The chief resource which Hester found on the other side of the Vernonry was, however, still more objectionable to the feelings of the genteel portion of the little community, since it was in the other little house that she found it, in the society of the old people who were not Vernons at all, but who quite unjustifiably as they all felt, being only her mother's relations, were kept there by Catherine Vernon, on the money of the family, the money which was hers only in trust for the benefit of her relations. They grudged Captain Morgan his home, they grudged him his peaceful looks, they grudged him the visits which Catherine was supposed to pay oftener to him than to any one else in the Vernonry. It is true that the Miss Vernon-Ridgways professed to find Catherine's visits anything but desirable.
"Dear Catherine!" they said, "what a pity she has so little manner! When she is absent one can recollect all her good qualities, how kind she really is, you know, at bottom, and what a thing it is for her to have us here, and how lonely she would be, with her ways, if she had not us to fall back upon. But when she is present, really you know it is a struggle! Her manner is so against the poor, dear! One is glad to see her go, to think, that is over; it will be some time before she can come again; for she really is much better, far better, than she appears, poor dear Catherine!"

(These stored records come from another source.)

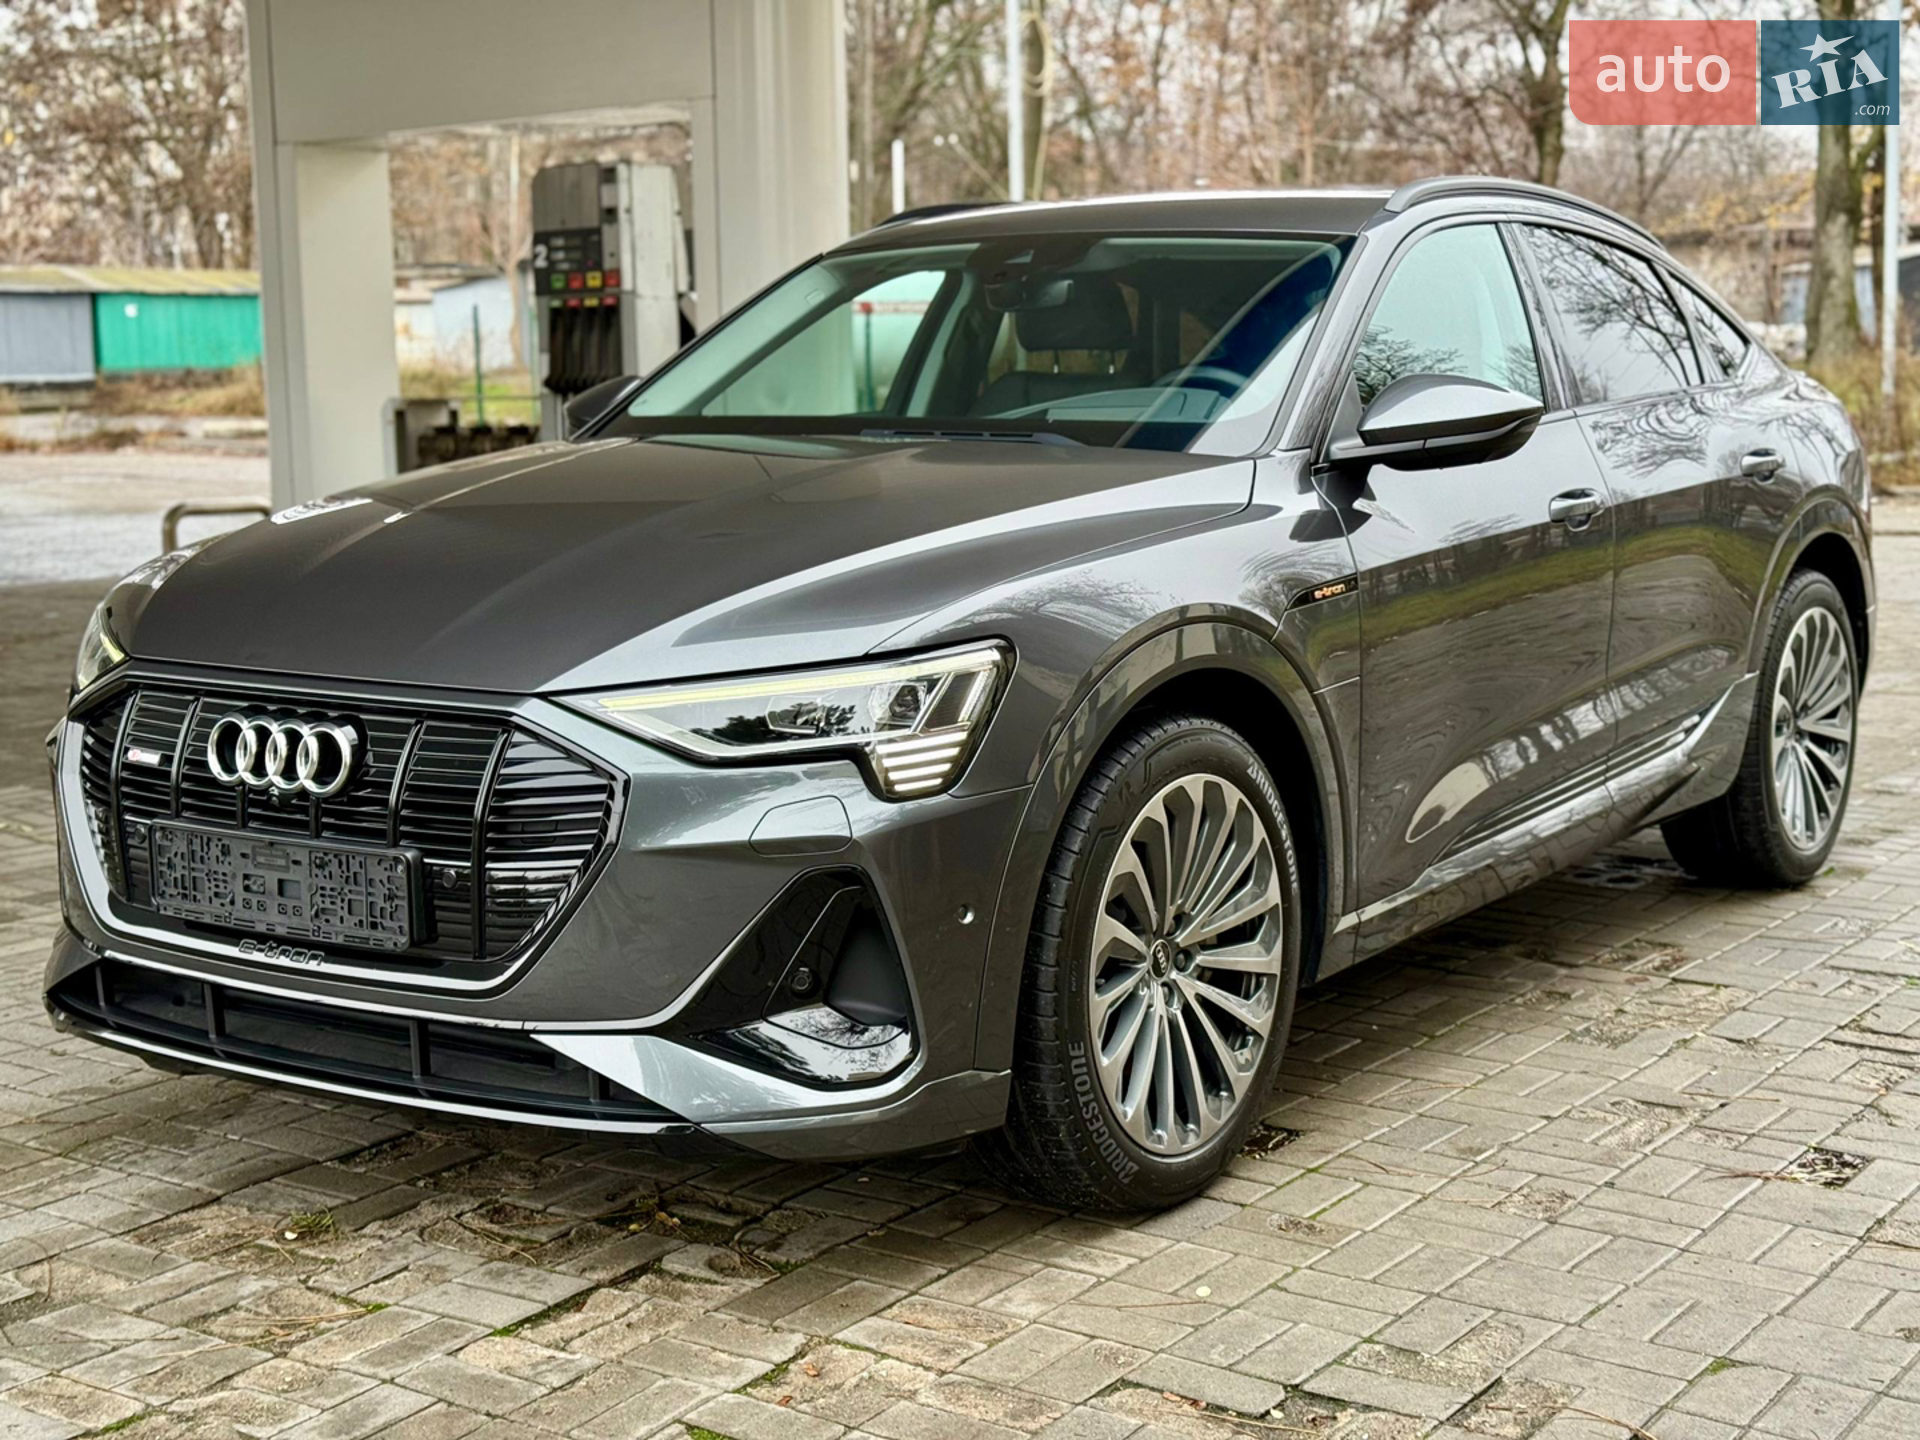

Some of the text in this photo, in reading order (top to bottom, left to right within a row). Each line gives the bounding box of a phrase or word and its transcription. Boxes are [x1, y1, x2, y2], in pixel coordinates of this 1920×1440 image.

[534, 244, 549, 269] 2
[1314, 583, 1346, 599] e-tron
[1247, 758, 1299, 896] BRIDGESTONE
[238, 938, 325, 966] e-tron
[1068, 1041, 1140, 1184] BRIDGESTONE
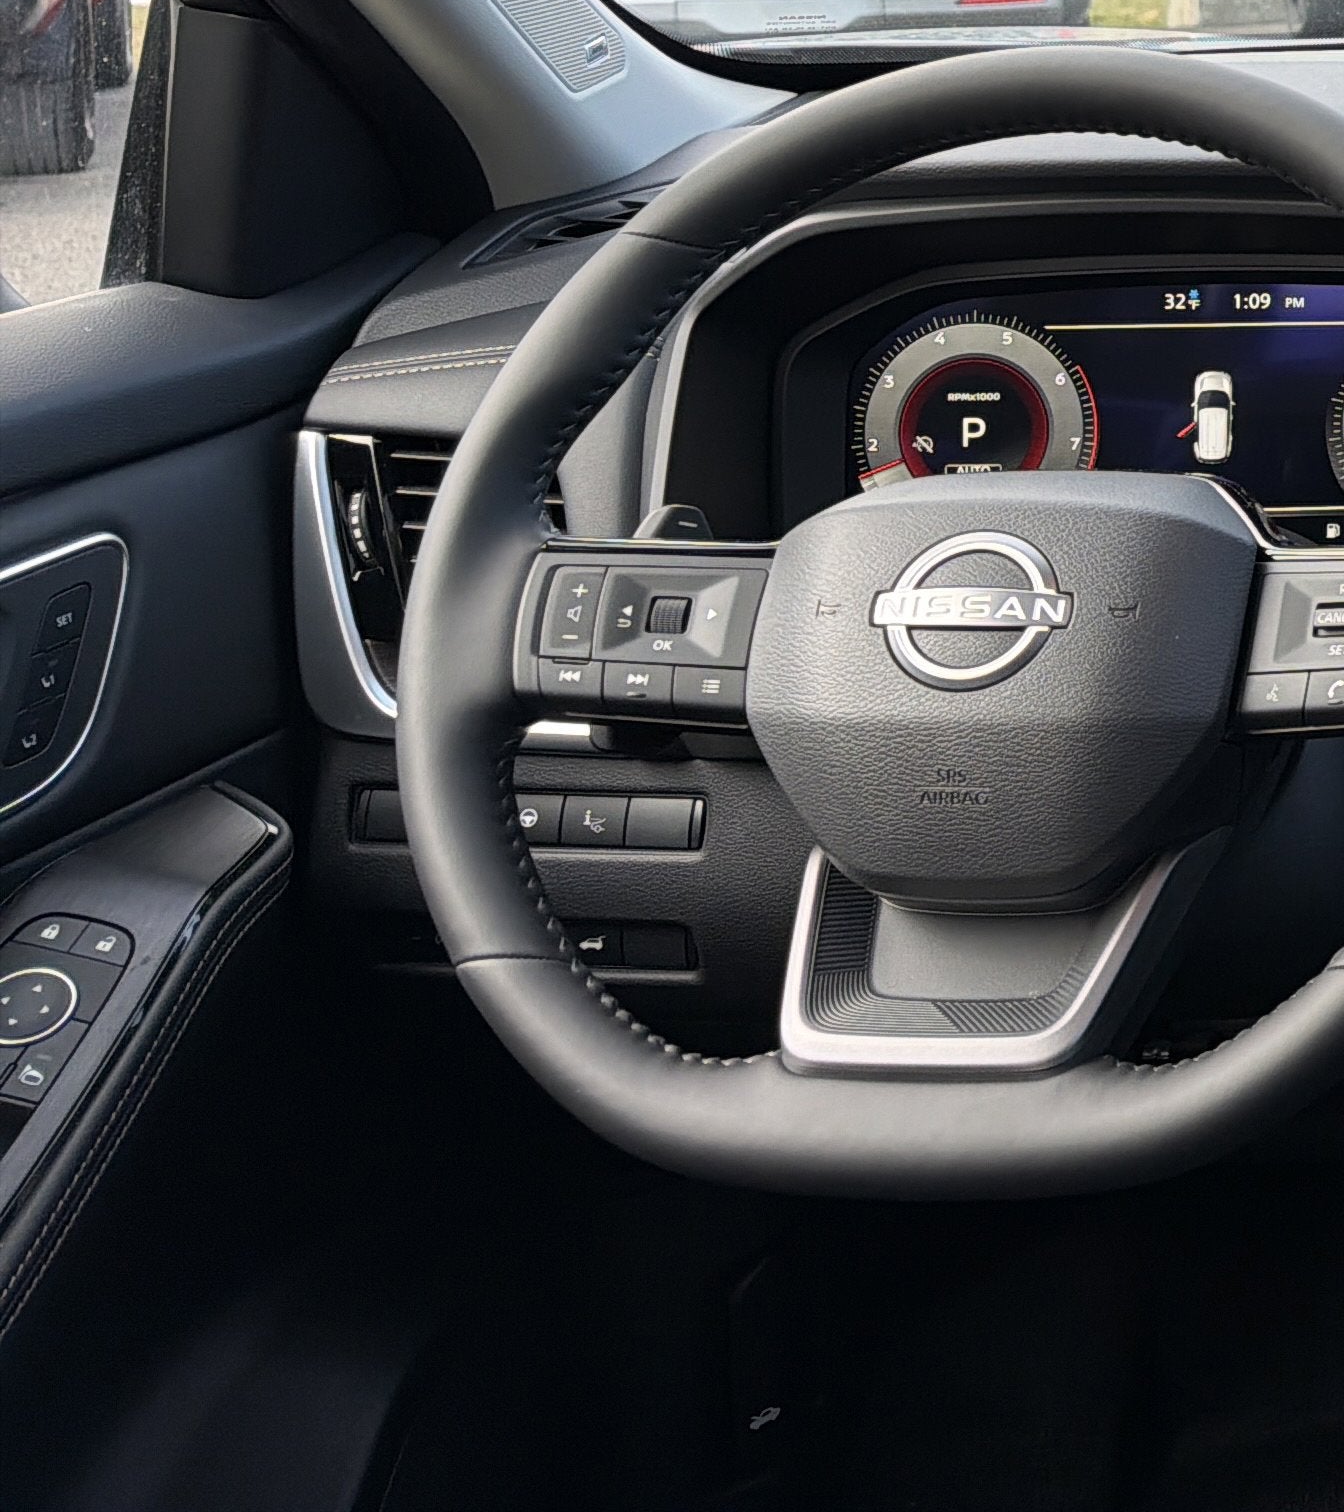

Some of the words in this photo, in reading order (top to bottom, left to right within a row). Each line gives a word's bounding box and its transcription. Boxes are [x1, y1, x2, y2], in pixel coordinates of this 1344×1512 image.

This was how they spoke of her: while Mr. Mildmay shrugged his thin old shoulders. "Catherine, poor thing, has too much the air of coming to see if our houses are clean and our dinners simple enough," he said.
Even Mrs. John chimed in to the general chorus, though in her heart she was glad to see Catherine, or any one. But they were all annoyed that she should go so often to those old Morgans. They kept an account of her calls, though they made believe to dislike them, and when the carriage was heard on the road (they could all distinguish the sound it made from that of any other carriage), they all calculated eagerly at what house she was due next. And when, instead of coming in at the open gate, which the old gardener made haste to open for her, as if he had known her secrets and was aware of her coming, she stayed outside, and drew up at the Morgans, nobody could imagine what a commotion there was. The sisters rushed in at once to Mrs. John, who had a window round the corner, and watched to see if it was really true, and how long Catherine stayed. They made remarks on the little old gentleman, with his white head, when he came out to put her into the carriage.